General information
- Other names: Malay: شاه عالم (Jawi); Chinese: 莎阿南; Tamil: சா ஆலாம்; ;
- Location: Seksyen 19, 40200 Shah Alam, Selangor
- System: KD11 | Commuter rail station
- Owner: Keretapi Tanah Melayu; Prasarana Malaysia;
- Line: Port Klang Branch
- Platforms: 1 side platform; 1 island platform;
- Tracks: 4

Construction
- Parking: Available

Other information
- Station code: KD11

History
- Opened: 1995

Services
| Preceding station | KTM Komuter |  |  | Following station |
| Batu Tiga towards Tanjung Malim |  | Tanjung Malim–Port Klang Line |  | Padang Jawa towards Port Klang |

Location

= Shah Alam Komuter station =

Train station in Malaysia

The Shah Alam Komuter station is a Komuter train station located in Seksyen 19, Shah Alam, Selangor, Malaysia. It is served by the KTM Komuter's Port Klang Line.

== Location and locality ==
The station is located in Seksyen 19 which is 4 kilometres away from the Shah Alam city centre. The section itself contains CIAST campus which is in front of the station.
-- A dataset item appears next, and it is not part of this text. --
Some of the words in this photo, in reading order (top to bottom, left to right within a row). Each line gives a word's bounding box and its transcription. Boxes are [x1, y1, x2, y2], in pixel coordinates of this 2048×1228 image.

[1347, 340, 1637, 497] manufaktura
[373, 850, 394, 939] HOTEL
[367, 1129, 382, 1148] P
As per its namesake, it is meant to be Shah Alam's main railway station despite it being located quite further south, with road access from Persiaran Sultan to the city and Kemuning–Shah Alam Highway leads to sections down further south.
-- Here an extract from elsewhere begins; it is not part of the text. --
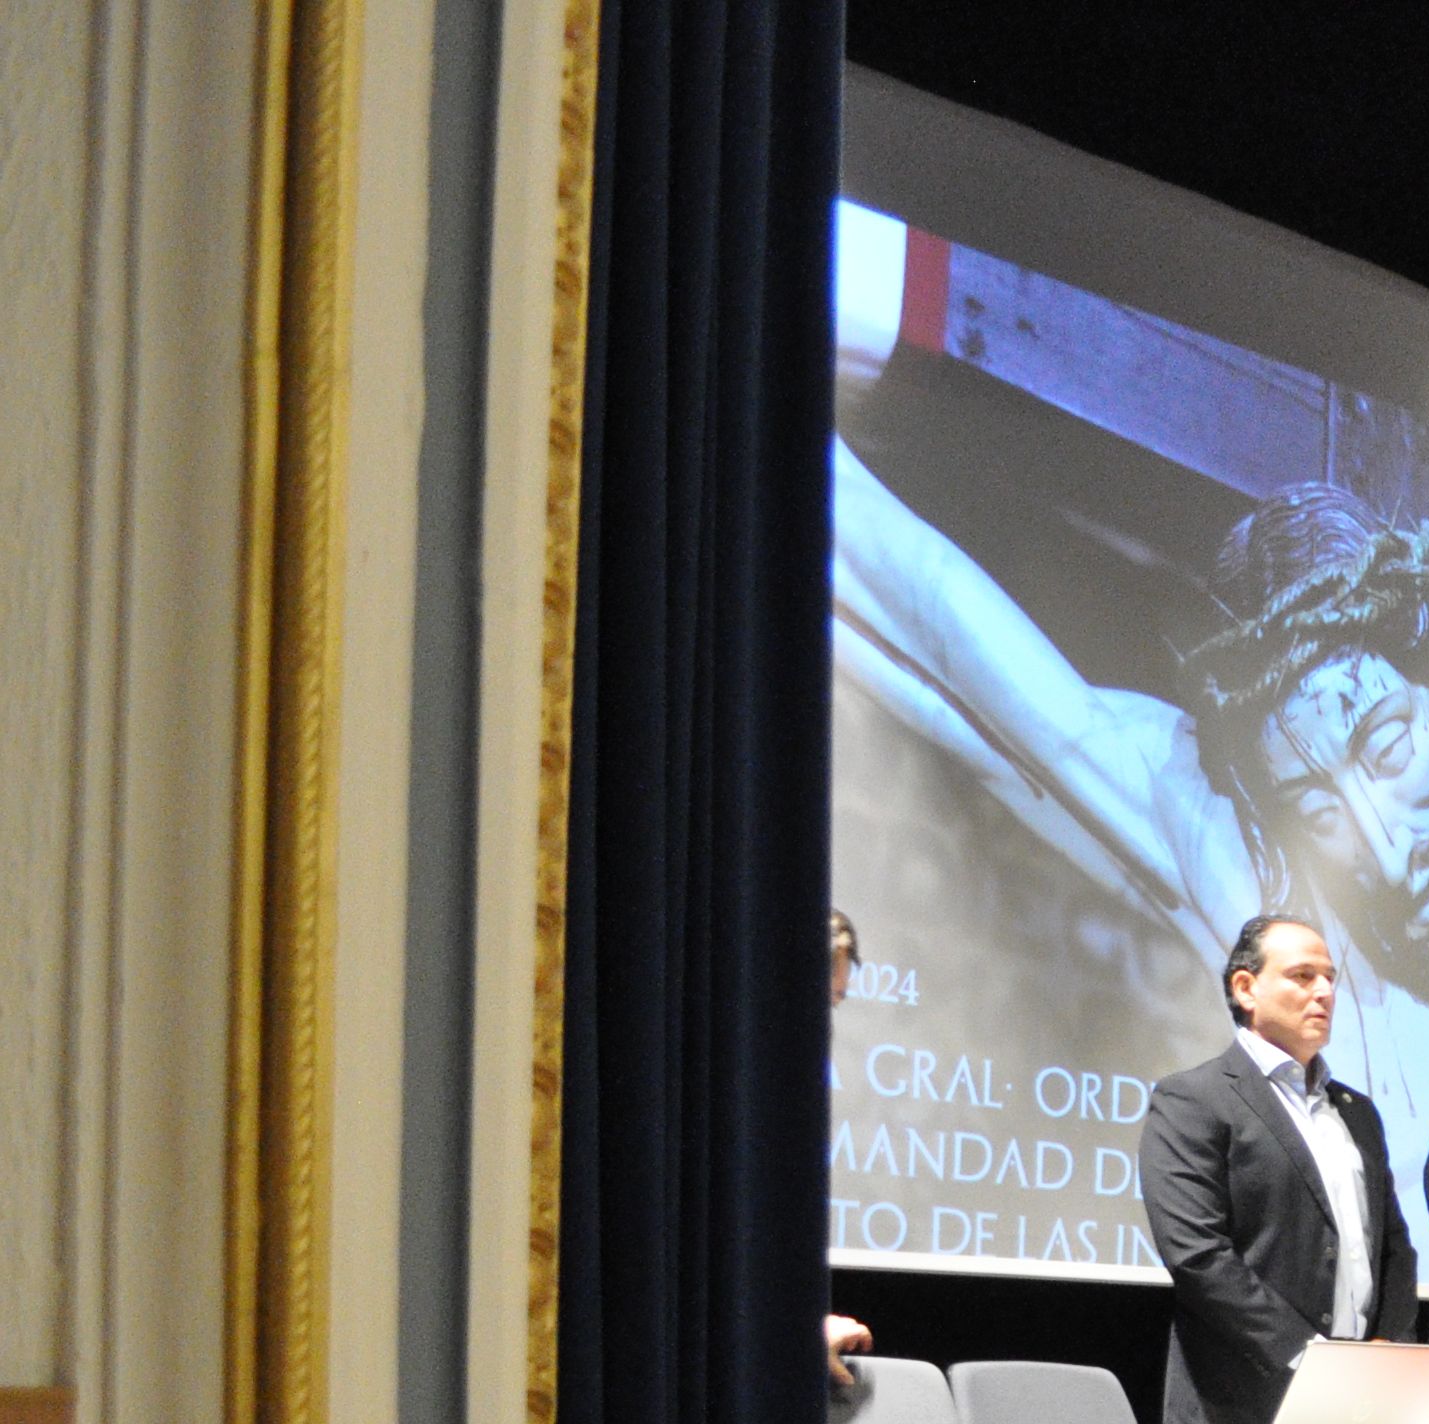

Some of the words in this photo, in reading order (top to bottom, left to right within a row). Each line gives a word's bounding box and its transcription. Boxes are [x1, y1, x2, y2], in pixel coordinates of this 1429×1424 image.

A local bus terminal provides free Smart Selangor bus shuttles around the city areas, with three lines originated from this terminal: SA01 (to city centre), SA03 (around Seksyen 19 and 20) and SA06 (to Taman Seri Muda and Kota Kemuning)

==History==
The station was formerly a freight station and local train halt named Sungai Rengam Station in the 1980s.